Instructions to follow → Output the records exactly as they appear, with no pictures included.

● ● ●

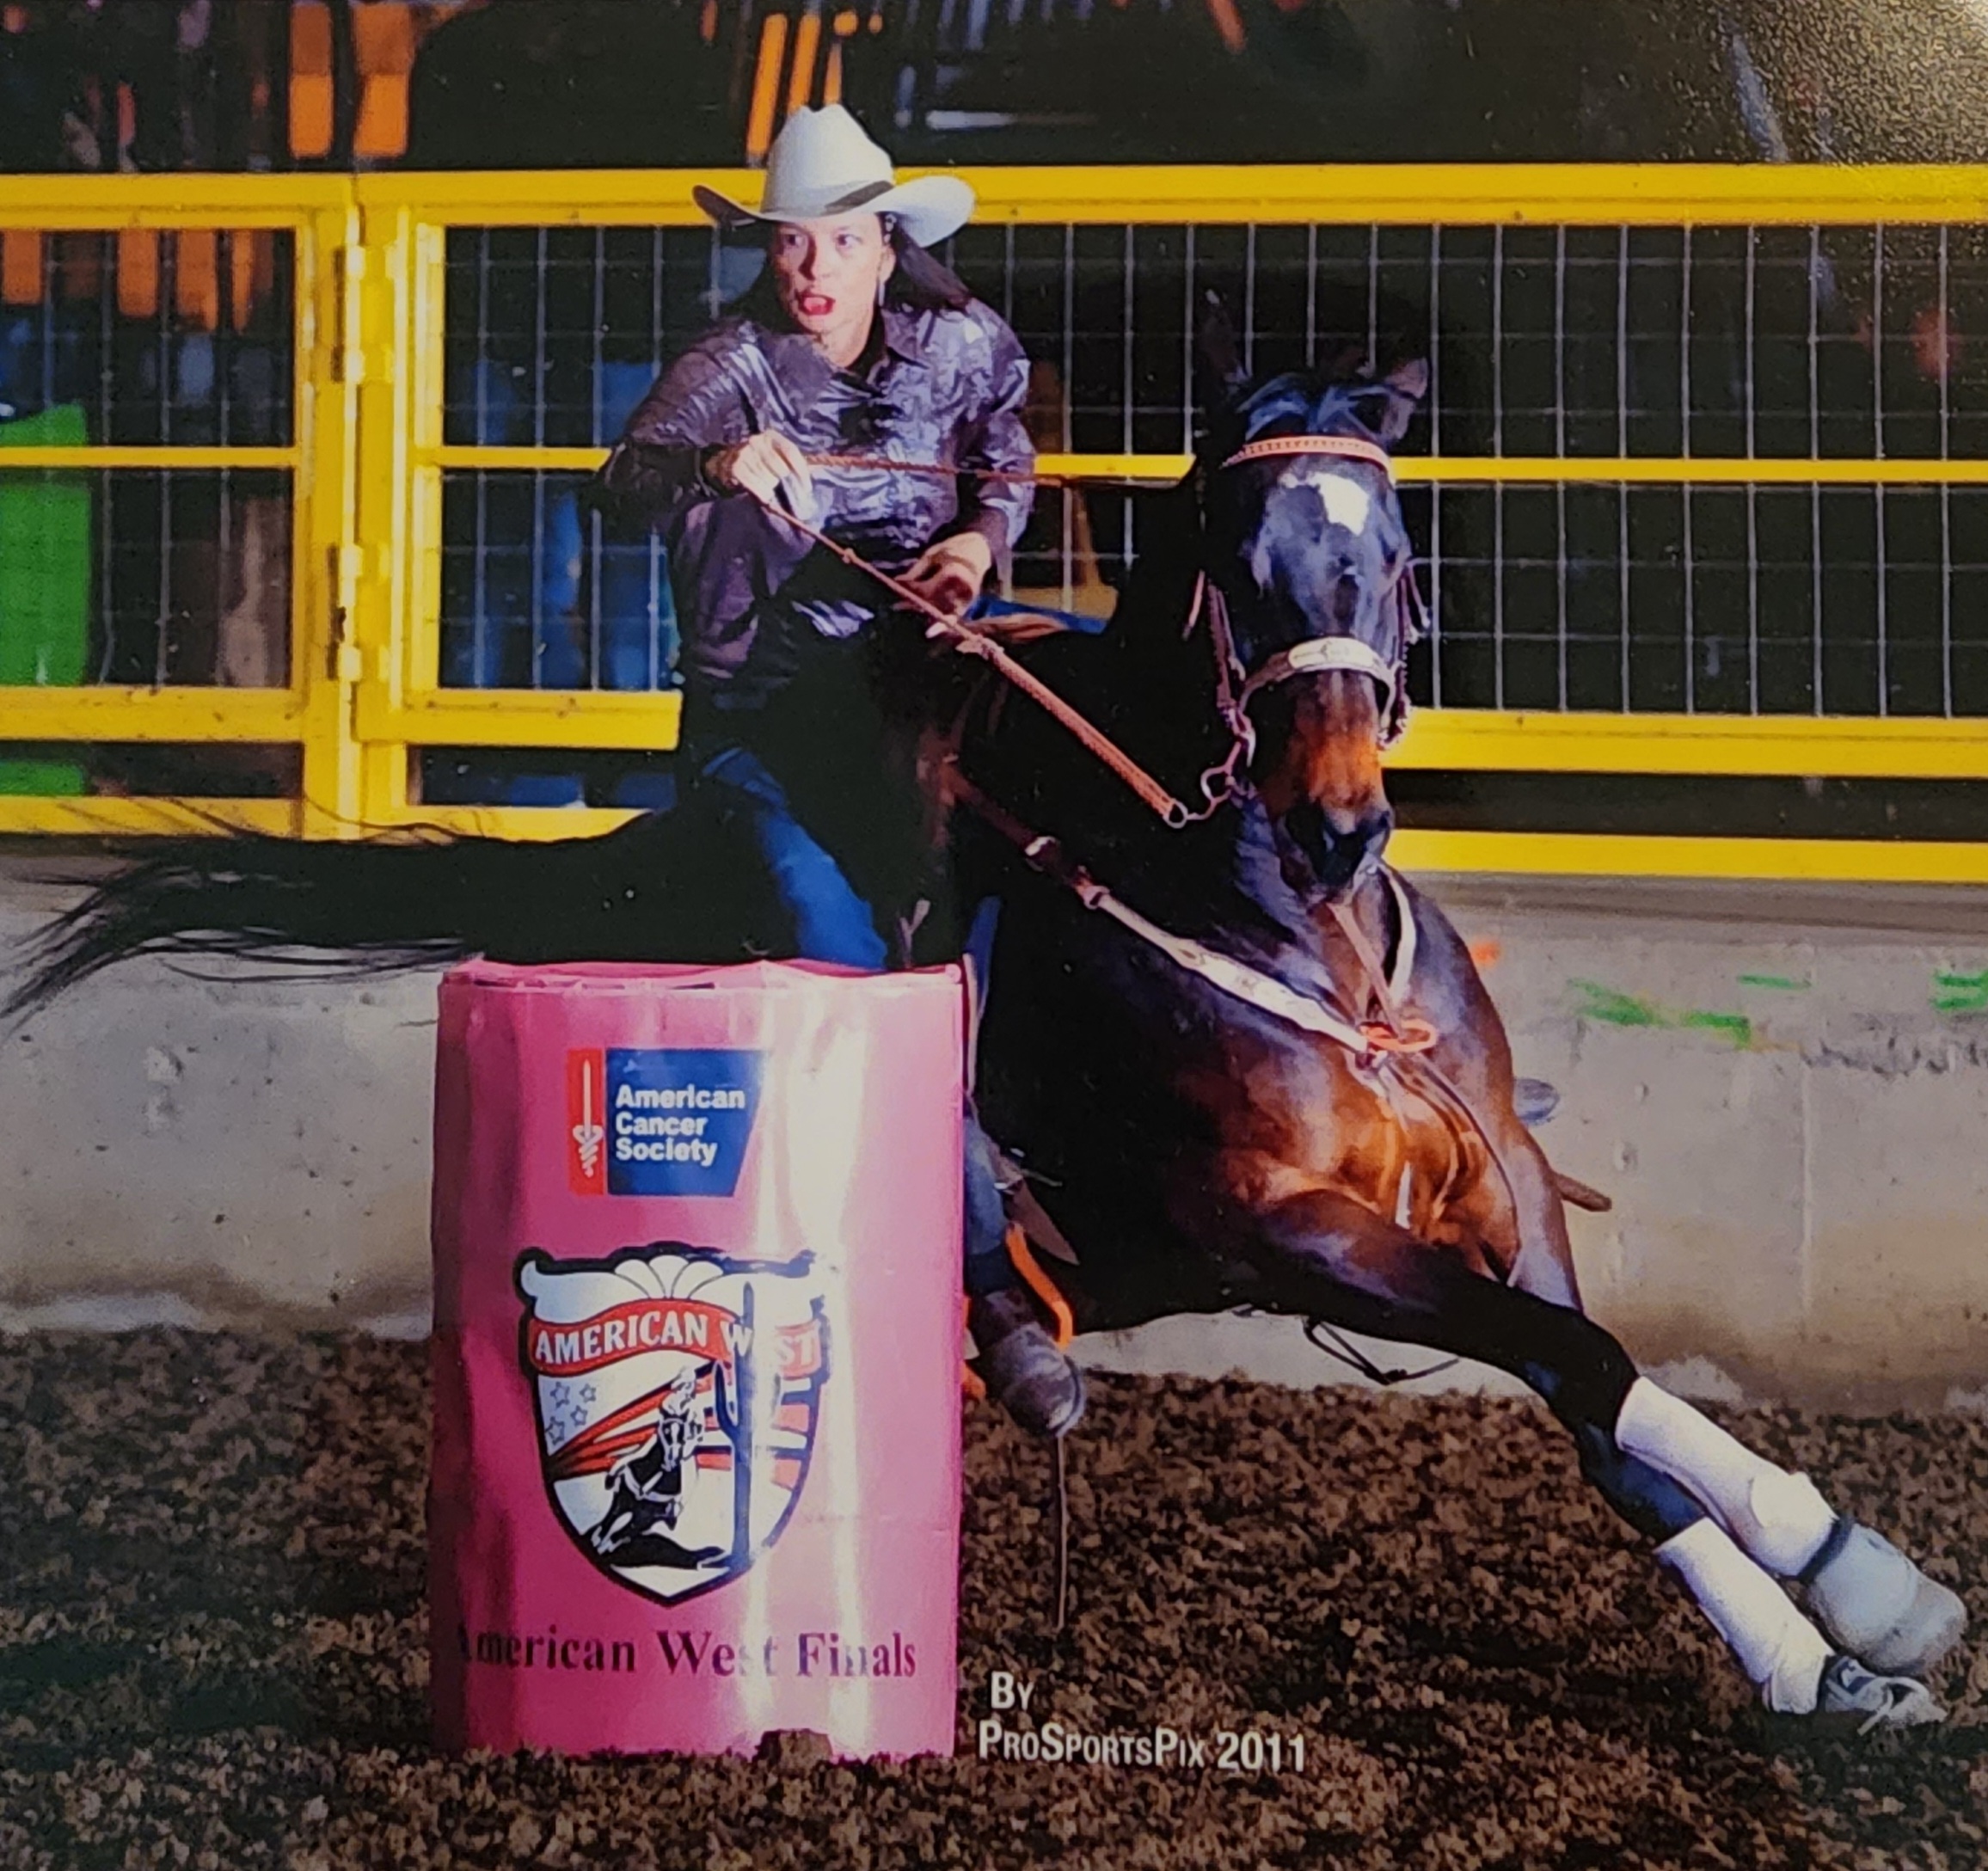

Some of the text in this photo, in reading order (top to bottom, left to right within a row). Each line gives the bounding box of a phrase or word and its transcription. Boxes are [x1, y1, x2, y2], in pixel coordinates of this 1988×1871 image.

[615, 1084, 746, 1109] American
[616, 1113, 709, 1137] Cancer
[615, 1138, 718, 1166] Society
[535, 1311, 815, 1366] AMERICAN WST
[796, 1631, 917, 1678] Finals
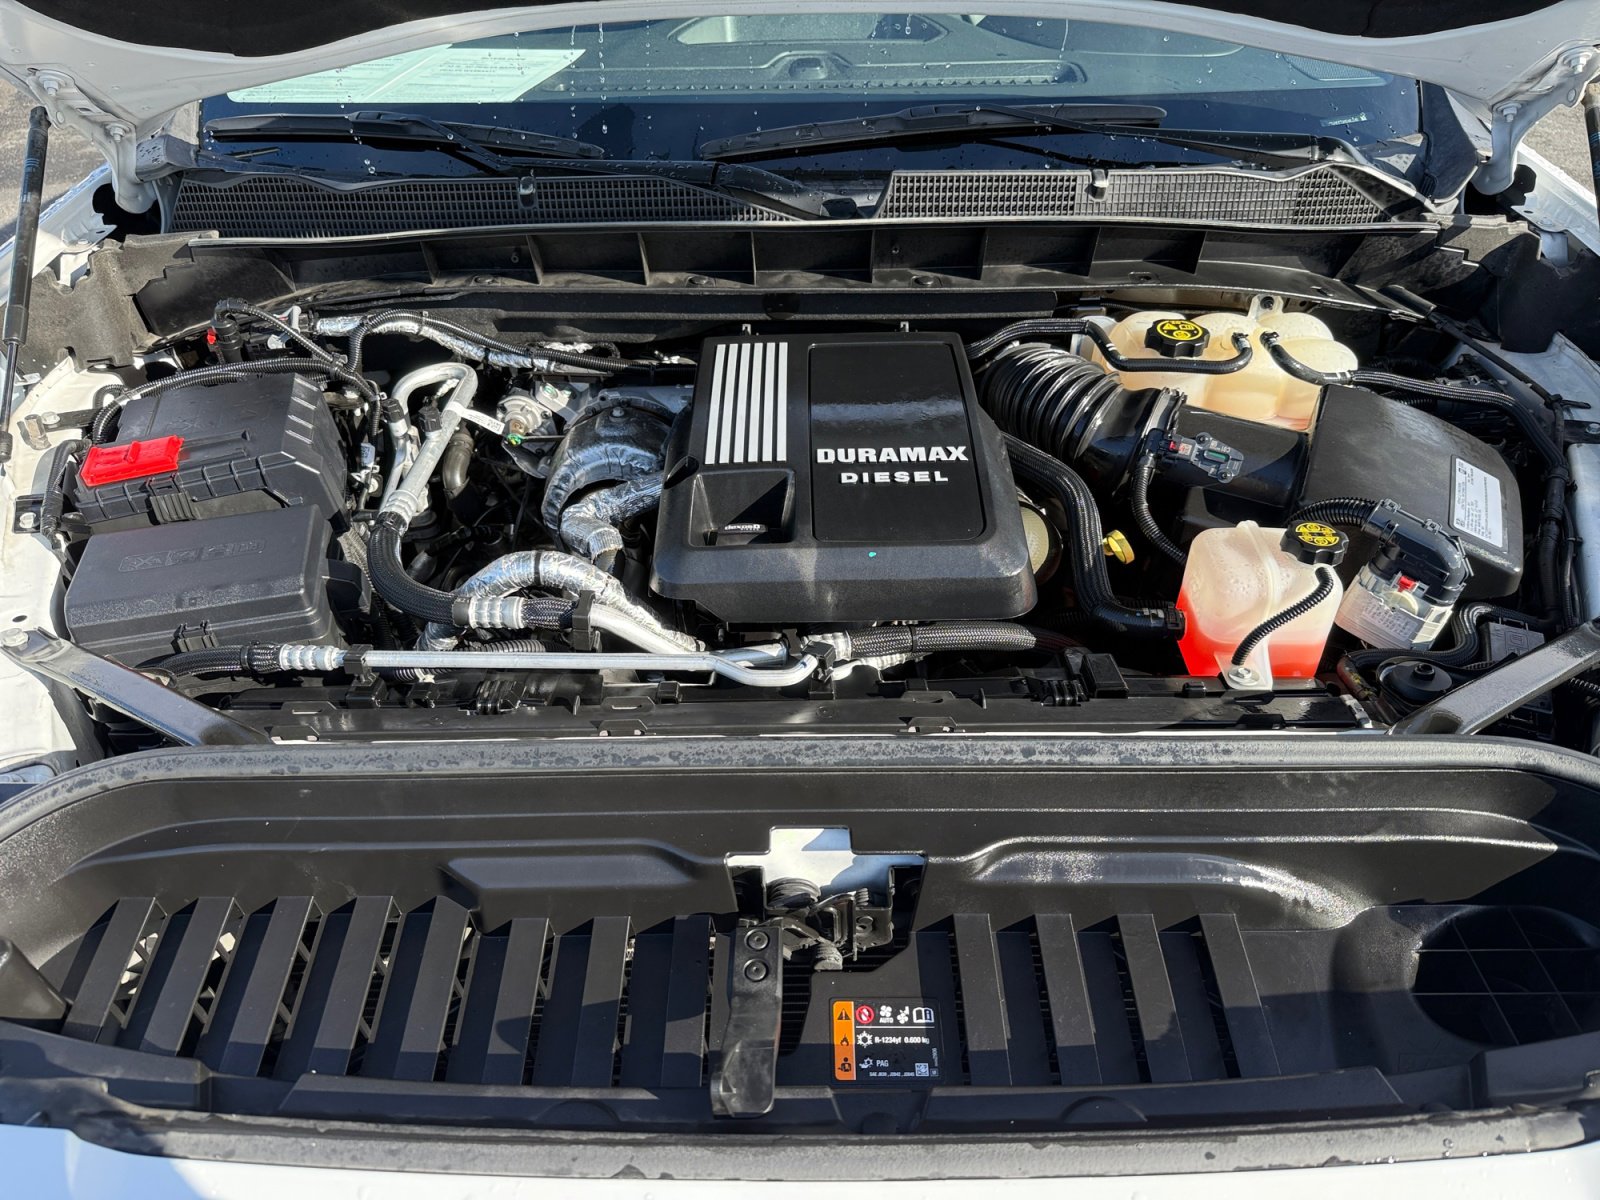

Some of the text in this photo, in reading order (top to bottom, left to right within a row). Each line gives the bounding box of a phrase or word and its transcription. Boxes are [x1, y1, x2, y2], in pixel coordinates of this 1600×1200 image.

● ● ●

Exercise result →
Some of the text in this photo, in reading order (top to bottom, left to right within a row). Each line gives the bounding box of a phrase or word and its transcription. Boxes are [x1, y1, x2, y2], in pixel coordinates of this 1988×1871 image.

[615, 1084, 746, 1109] American
[616, 1113, 709, 1137] Cancer
[615, 1138, 718, 1166] Society
[535, 1311, 815, 1366] AMERICAN WST
[796, 1631, 917, 1678] Finals

Some of the text in this photo, in reading order (top to bottom, left to right within a row). Each line gives the bounding box of a phrase or word and its transcription. Boxes are [x1, y1, x2, y2], in pixel coordinates of this 1600×1200 image.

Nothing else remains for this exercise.